■ **PROBLEM REQUIREMENTS**
Please output the entries below from the line that contains "this 1600×1065 image." through the final line, reproduced exactly and alone.

[Start of section]

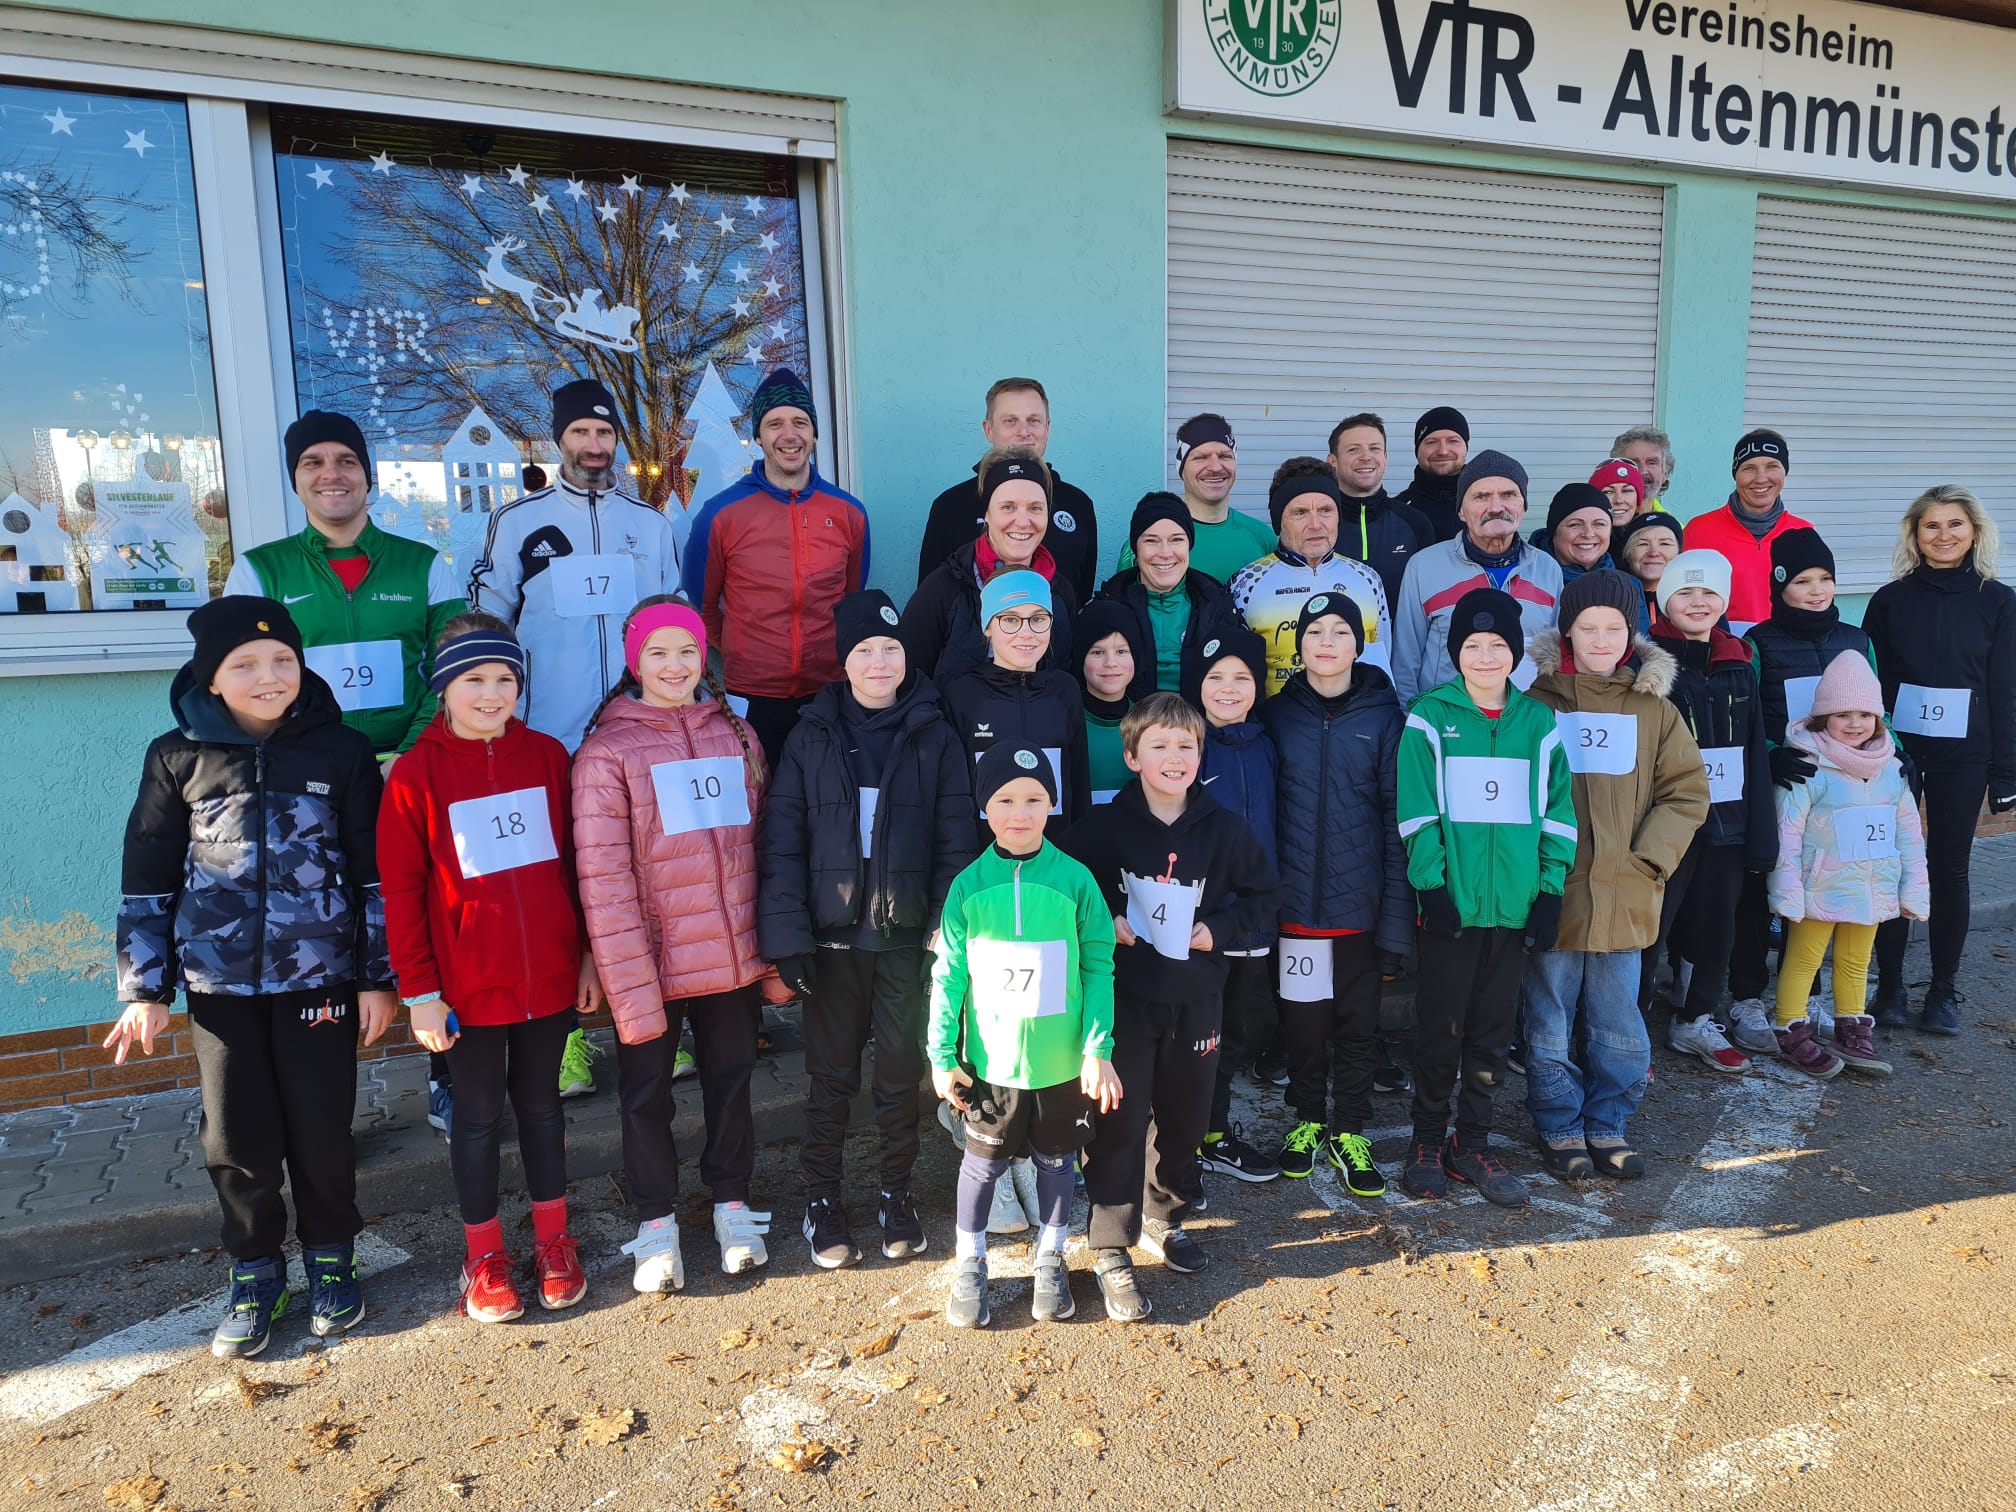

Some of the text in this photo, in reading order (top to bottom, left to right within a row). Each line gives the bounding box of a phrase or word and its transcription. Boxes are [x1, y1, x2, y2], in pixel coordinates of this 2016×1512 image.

[1208, 0, 1338, 89] TENMÜNSTE
[1625, 0, 1894, 71] Vereinsheim
[1601, 48, 2016, 178] Altenmünst
[584, 575, 611, 596] 17
[341, 665, 374, 688] 29
[1919, 704, 1945, 721] 19
[1580, 727, 1609, 748] 32
[1703, 762, 1726, 781] 24
[690, 776, 721, 800] 10
[1484, 780, 1500, 801] 9
[490, 811, 526, 840] 18
[1865, 823, 1886, 842] 25
[1151, 903, 1168, 926] 4
[1286, 955, 1314, 977] 20
[1002, 968, 1035, 992] 27
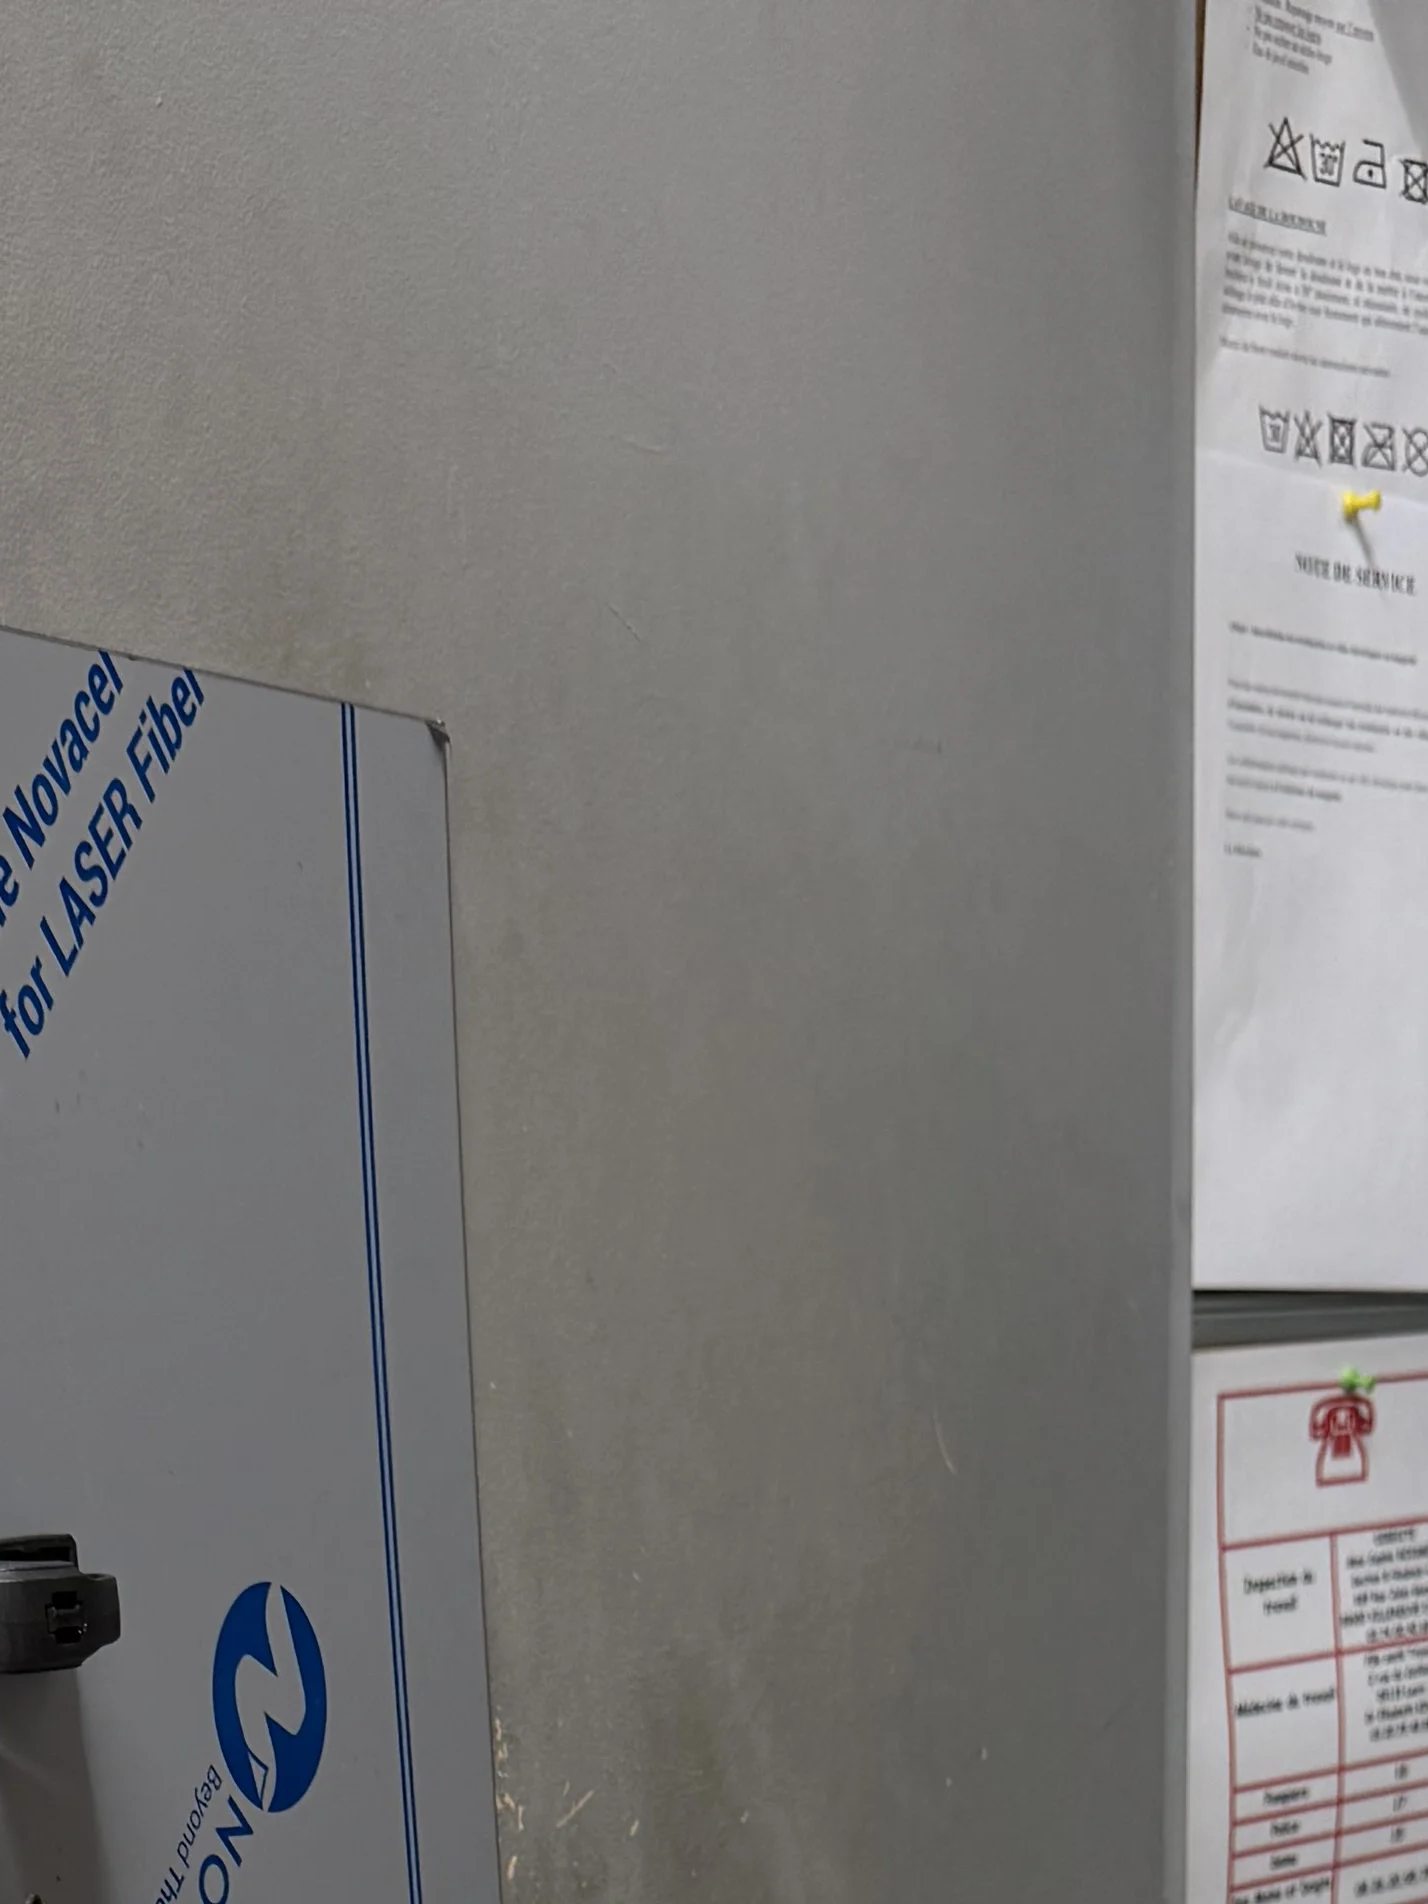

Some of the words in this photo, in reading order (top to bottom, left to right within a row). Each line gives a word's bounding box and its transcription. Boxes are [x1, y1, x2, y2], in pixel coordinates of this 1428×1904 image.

[2, 648, 124, 870] Novacel
[39, 777, 143, 978] LASER
[175, 1762, 223, 1870] Beyond
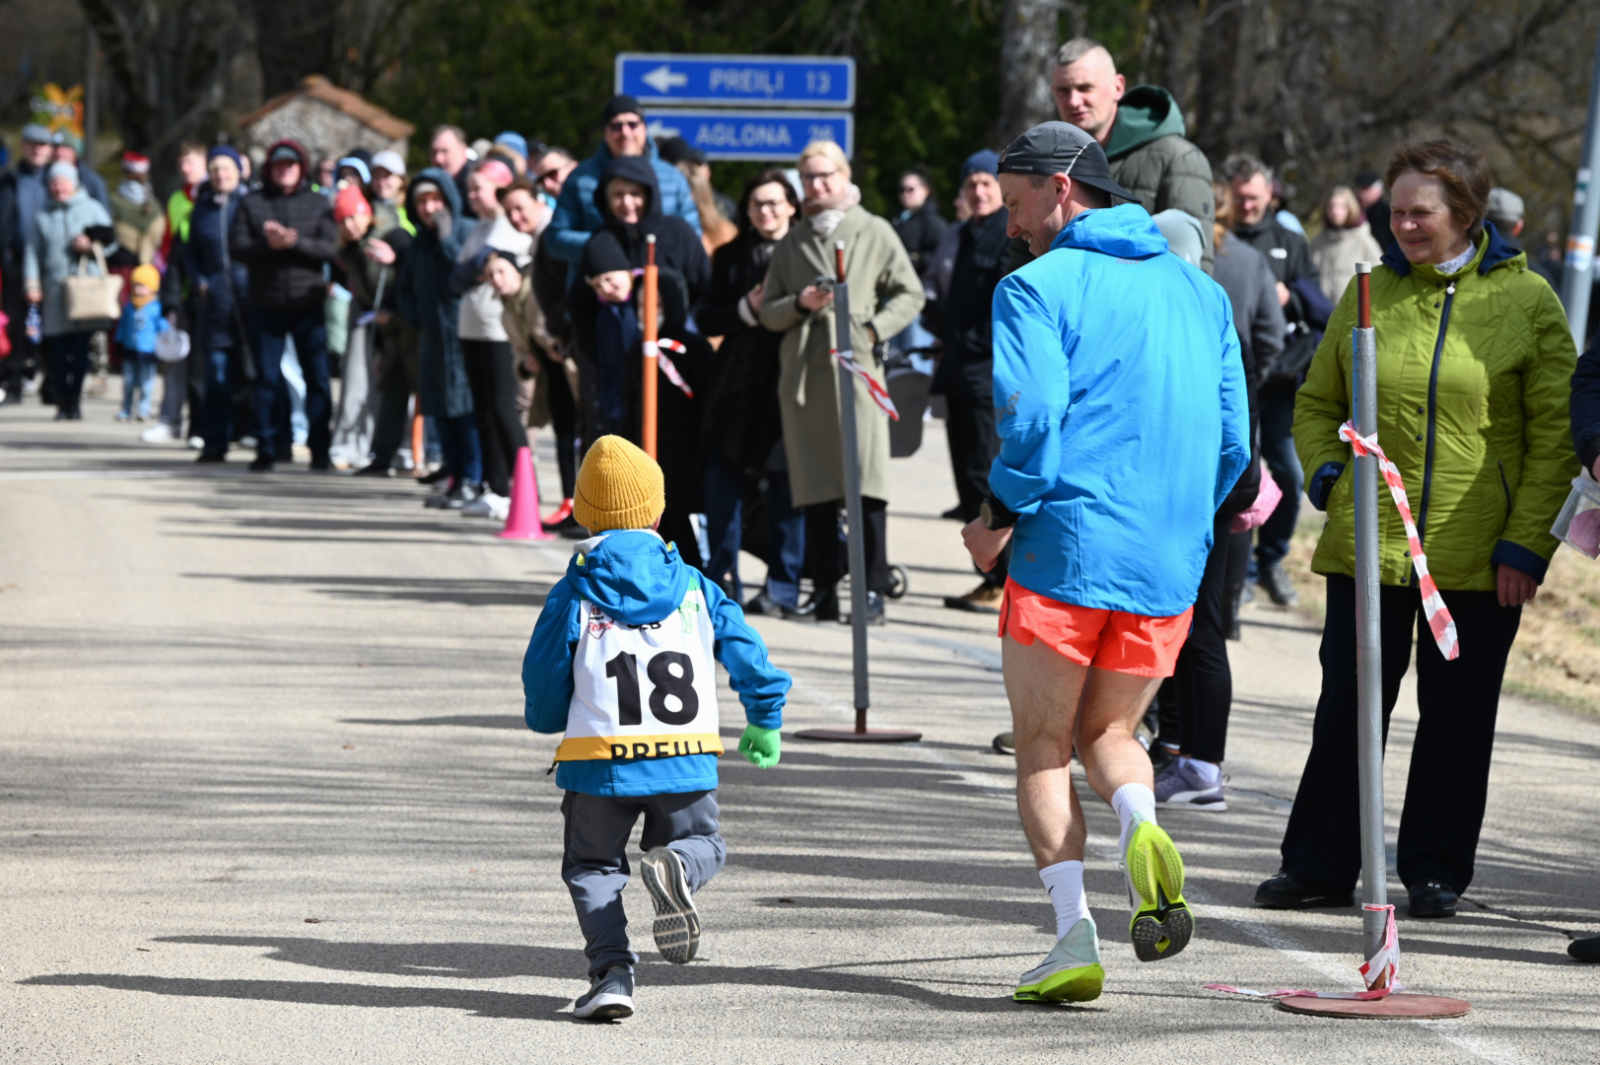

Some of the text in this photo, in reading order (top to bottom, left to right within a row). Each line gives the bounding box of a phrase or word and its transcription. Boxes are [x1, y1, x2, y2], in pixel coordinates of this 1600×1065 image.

[709, 68, 831, 98] PREIĻI 13
[695, 123, 792, 147] AGLONA
[605, 650, 699, 726] 18

[End of section]

■ **RESULT OF THIS EXERCISE**
Some of the text in this photo, in reading order (top to bottom, left to right within a row). Each line gives the bounding box of a phrase or word and its transcription. Boxes are [x1, y1, x2, y2], in pixel coordinates of this 1600×1065 image.

[709, 68, 831, 98] PREIĻI 13
[695, 123, 792, 147] AGLONA
[605, 650, 699, 726] 18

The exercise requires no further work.